La concepción de Acton sobre la misión de la Iglesia estaba orgánicamente relacionada con su filosofía libertaria de la historia. El Evangelio que transformaba a los individuos no podía dejar de transformar sus sociedades:
La Iglesia que nuestro Señor vino a establecer tenía una doble misión que cumplir. Su sistema de doctrina, por una parte, tenía que ser definido y mantenido perpetuamente. Pero también era necesario que se demostrara que era algo más que una mera cuestión de teoría, que pasara a la práctica y que dominara tanto la voluntad como el intelecto de los hombres.

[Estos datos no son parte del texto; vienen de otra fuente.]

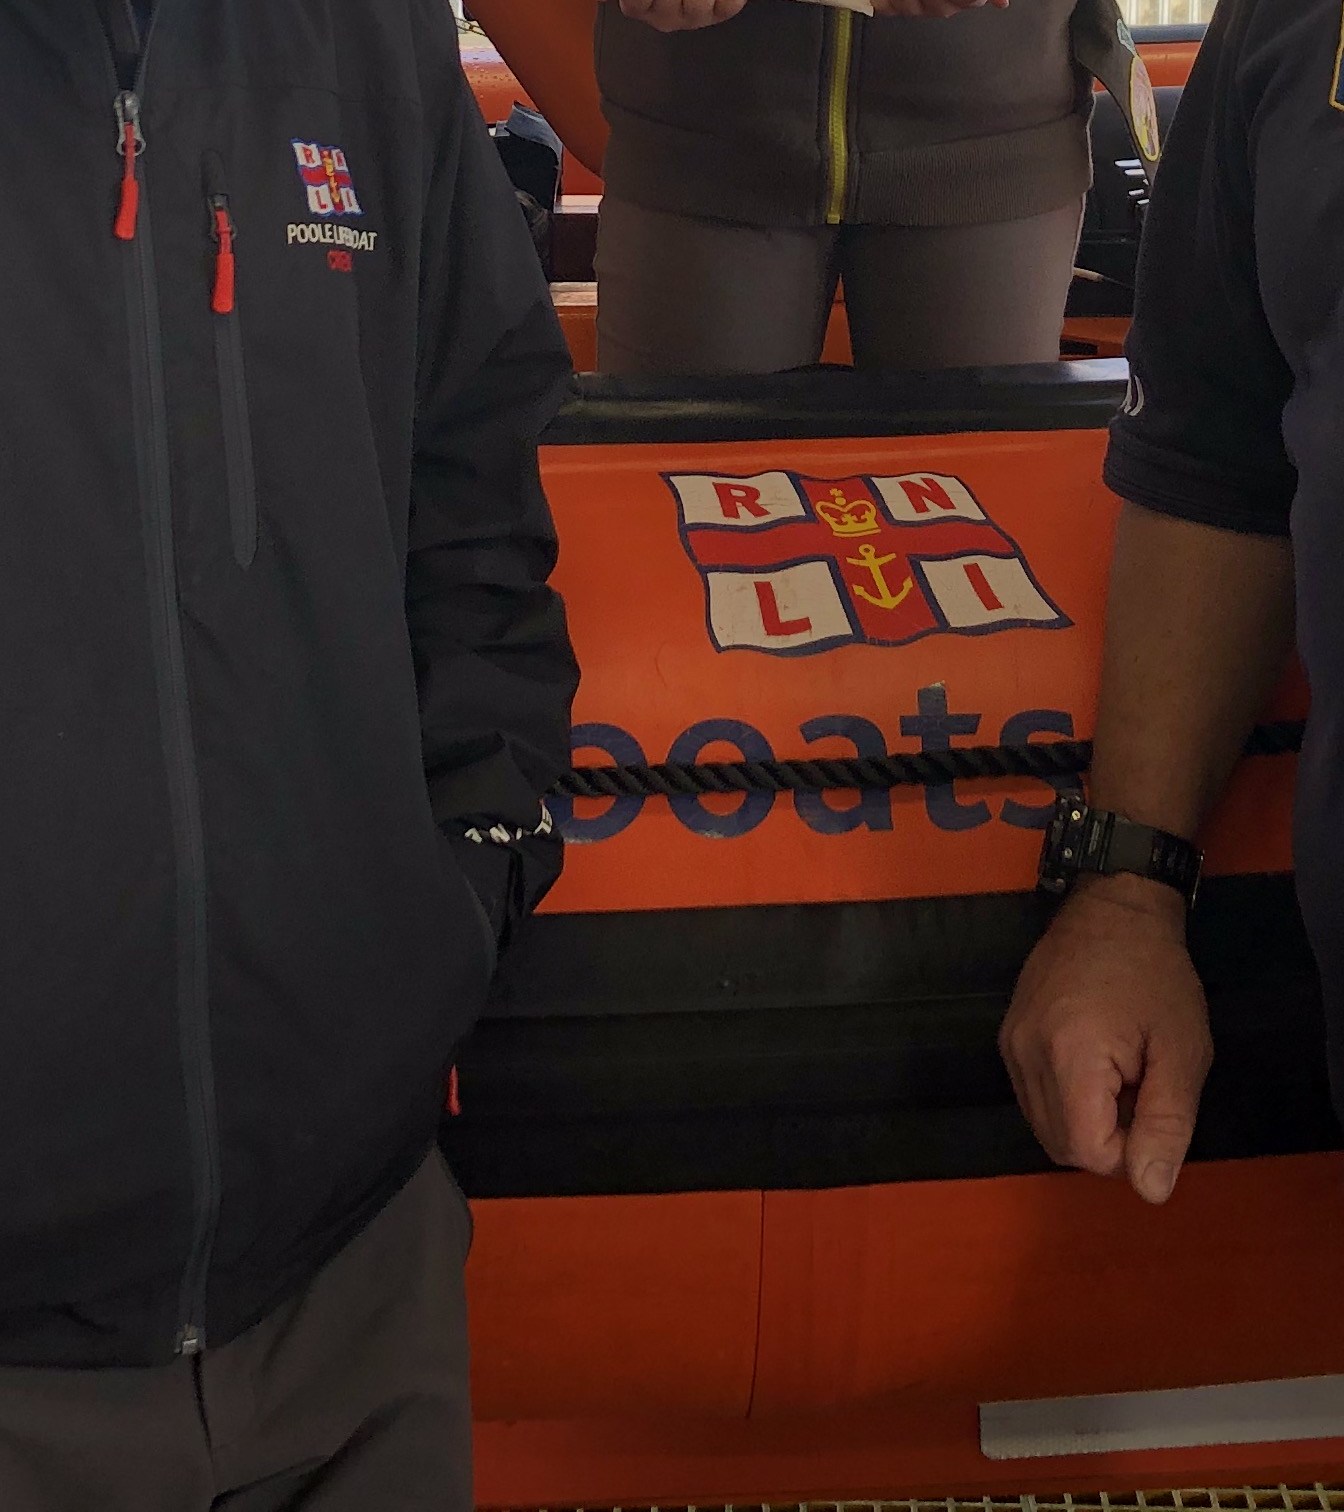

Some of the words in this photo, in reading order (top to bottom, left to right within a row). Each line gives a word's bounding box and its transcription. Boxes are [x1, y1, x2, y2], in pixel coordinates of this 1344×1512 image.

[287, 223, 334, 245] POOLE
[711, 480, 772, 519] R
[899, 477, 957, 514] N
[752, 580, 813, 637] L
[962, 562, 1006, 611] I

Era necesario no sólo restaurar la imagen de Dios en el hombre, sino establecer el orden divino en el mundo.¹⁵
Al resumir la contribución de los estoicos a la idea cristiana, es decir, de Acton, de la libertad, escribió:
Hicieron saber que existe una voluntad superior a la voluntad colectiva del hombre, y una ley que anula las de Solón y Licurgo…. Aquello que debemos obedecer, aquello a lo que estamos obligados a reducir todas las autoridades civiles, y a sacrificar todo interés terrenal, es aquella ley inmutable que es perfecta y eterna como Dios mismo, que procede de su naturaleza, y que reina sobre el cielo y la tierra y sobre todas las naciones…. Las libertades de las naciones antiguas estaban aplastadas bajo un despotismo desesperado e inevitable, y su vitalidad estaba agotada, cuando el nuevo poder surgió de Galilea, dando lo que faltaba a la eficacia del conocimiento humano, para redimir a las sociedades así como a los hombres.¹⁶
¿Qué entendía Acton por «libertad»? En un lugar dijo que era «la seguridad de que cada hombre será protegido al hacer lo que cree que es su deber, contra la influencia de la autoridad y las mayorías, la costumbre y la opinión».¹⁷ En otro lugar basó su concepto de libertad en el catolicismo y lo contrastó con el de la modernidad:
Hay una amplia divergencia, un desacuerdo irreconciliable, entre las nociones políticas del mundo moderno y lo que es esencialmente el sistema de la Iglesia católica. Se manifiesta particularmente en sus puntos de vista contradictorios sobre la libertad, y sobre las funciones del poder civil. La noción católica, que define la libertad no como el poder de hacer lo que se quiere, sino como el derecho de poder hacer lo que se debe, niega que los intereses generales puedan suplantar los derechos individuales.¹⁸
Para Acton, el principio de la libertad siempre se enfrenta al contraprincipio del poder, y vinculó esta tensión al esfuerzo moral primario del individuo por suprimir su propia libido dominandi, que se expresa secundariamente en las instituciones. Esa libido es el impulso de «empujar a la gente» con impunidad (como diría Rothbard en latín). Es, como dijo Acton, el insidioso «enemigo interior». Cuanto mayor sea el rango potencial de expresión de ese impulso, mayor será el peligro, sea su sujeto mitrado o coronado: «La pasión por el poder sobre los demás nunca puede dejar de amenazar a la humanidad y siempre está segura de encontrar nuevos e imprevistos aliados para continuar su martirologio».¹⁹
Esa pasión varía en intensidad de una persona a otra, al igual que el deseo de enfriarla. Como no puede haber victorias morales permanentes contra ella, no podemos esperar razonablemente establecer una utopía en la que la libertad se disfrute como una victoria permanente, una actitud establecida, inmune a los retrocesos.²⁰
El poder no sólo tiende a corromperse, sino también a «expandirse indefinidamente, y trascenderá todas las barreras, en el exterior y en el interior, hasta que se enfrente a fuerzas superiores». Este
ley del mundo moderno… produce el movimiento rítmico de la Historia.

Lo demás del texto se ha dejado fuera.